### AIM OF THE TASK
A line belongs in the answer if it contains "words"; copy every such line from the entries below.
----- DATA FOR REVIEW -----
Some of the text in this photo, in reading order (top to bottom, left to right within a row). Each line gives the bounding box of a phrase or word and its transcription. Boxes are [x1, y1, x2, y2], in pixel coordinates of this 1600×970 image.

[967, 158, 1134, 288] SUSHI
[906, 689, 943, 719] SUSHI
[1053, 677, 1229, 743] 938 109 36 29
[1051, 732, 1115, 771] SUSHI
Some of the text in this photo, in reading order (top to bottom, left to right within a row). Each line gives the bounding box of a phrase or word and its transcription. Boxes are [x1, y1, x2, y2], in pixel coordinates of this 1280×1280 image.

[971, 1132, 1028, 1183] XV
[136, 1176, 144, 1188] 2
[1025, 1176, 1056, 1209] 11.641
-----
----- DATA FOR REVIEW -----
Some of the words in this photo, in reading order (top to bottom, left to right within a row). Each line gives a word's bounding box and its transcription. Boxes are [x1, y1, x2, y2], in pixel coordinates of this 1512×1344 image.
-----
----- DATA FOR REVIEW -----
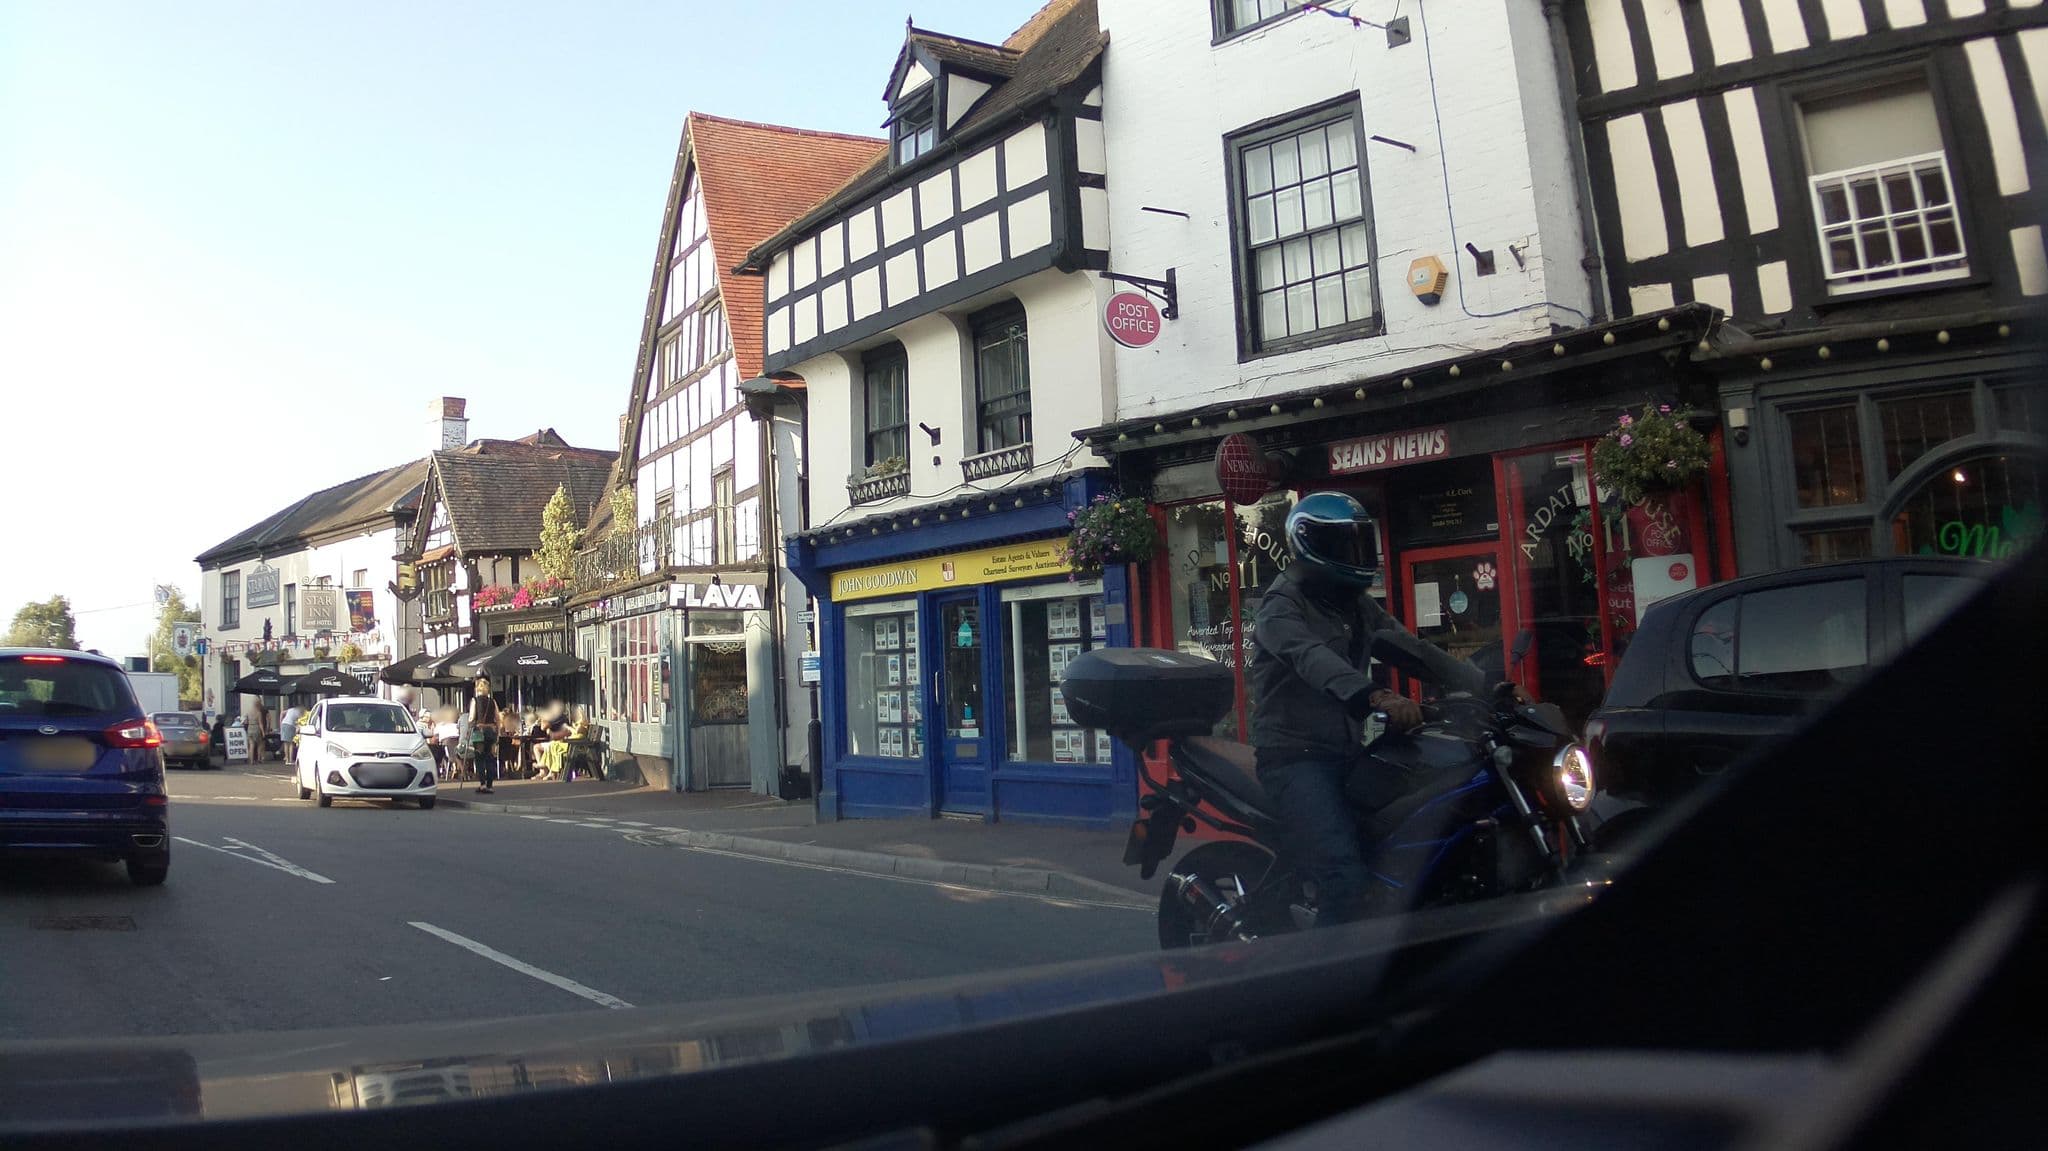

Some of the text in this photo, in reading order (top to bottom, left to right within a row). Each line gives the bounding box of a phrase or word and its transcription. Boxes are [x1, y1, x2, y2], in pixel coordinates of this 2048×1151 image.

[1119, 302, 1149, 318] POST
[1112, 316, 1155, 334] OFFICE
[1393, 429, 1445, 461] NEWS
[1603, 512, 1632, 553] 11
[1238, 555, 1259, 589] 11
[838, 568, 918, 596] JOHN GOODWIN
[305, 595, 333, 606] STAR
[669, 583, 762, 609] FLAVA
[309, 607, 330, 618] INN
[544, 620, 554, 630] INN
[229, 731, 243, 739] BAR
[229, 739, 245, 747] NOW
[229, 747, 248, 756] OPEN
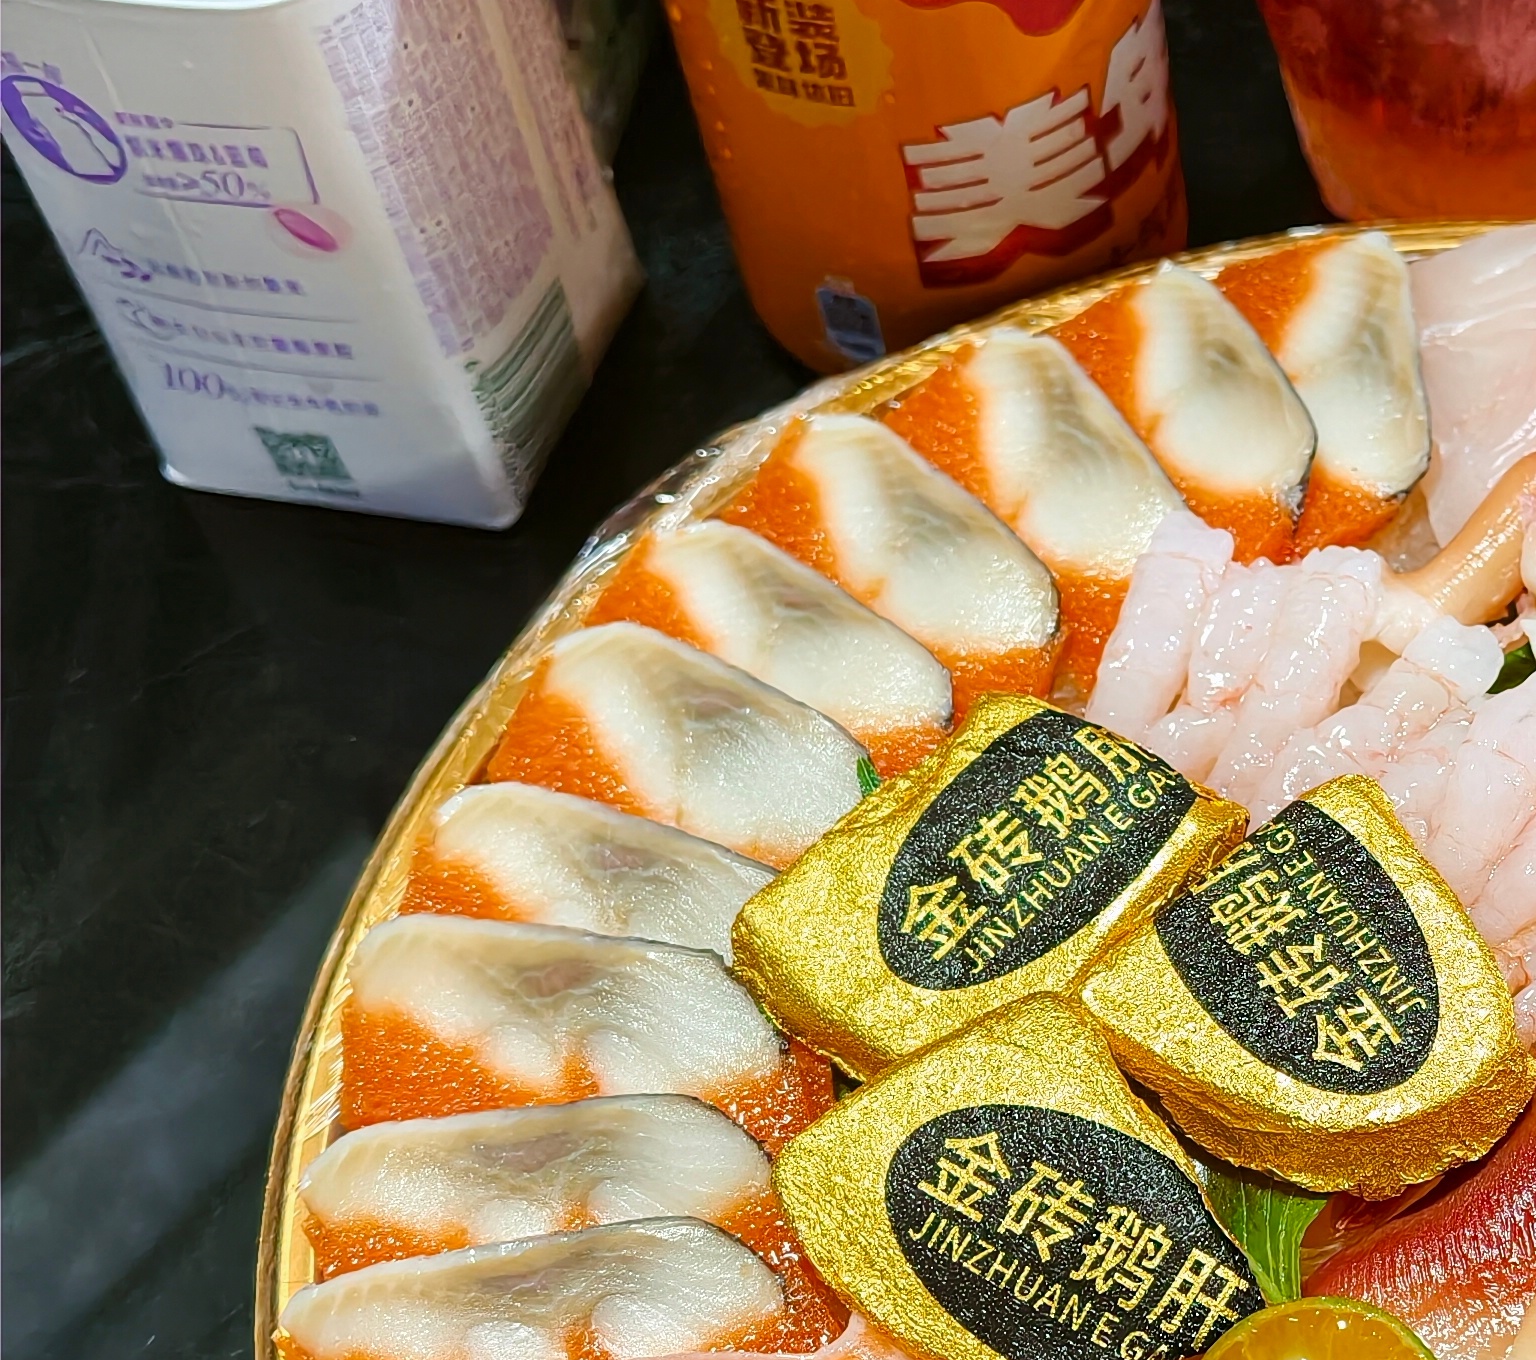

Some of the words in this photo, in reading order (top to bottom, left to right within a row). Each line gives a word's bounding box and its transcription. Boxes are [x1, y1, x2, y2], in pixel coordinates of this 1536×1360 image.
-----
### EXERCISE RESULT
Some of the words in this photo, in reading order (top to bottom, left to right within a row). Each line gives a word's bounding box and its transcription. Boxes are [x1, y1, x2, y2], in pixel coordinates of this 1512×1344 image.
Some of the words in this photo, in reading order (top to bottom, left to right within a row). Each line gives a word's bounding box and its transcription. Boxes are [x1, y1, x2, y2], in pixel coordinates of this 1536×1360 image.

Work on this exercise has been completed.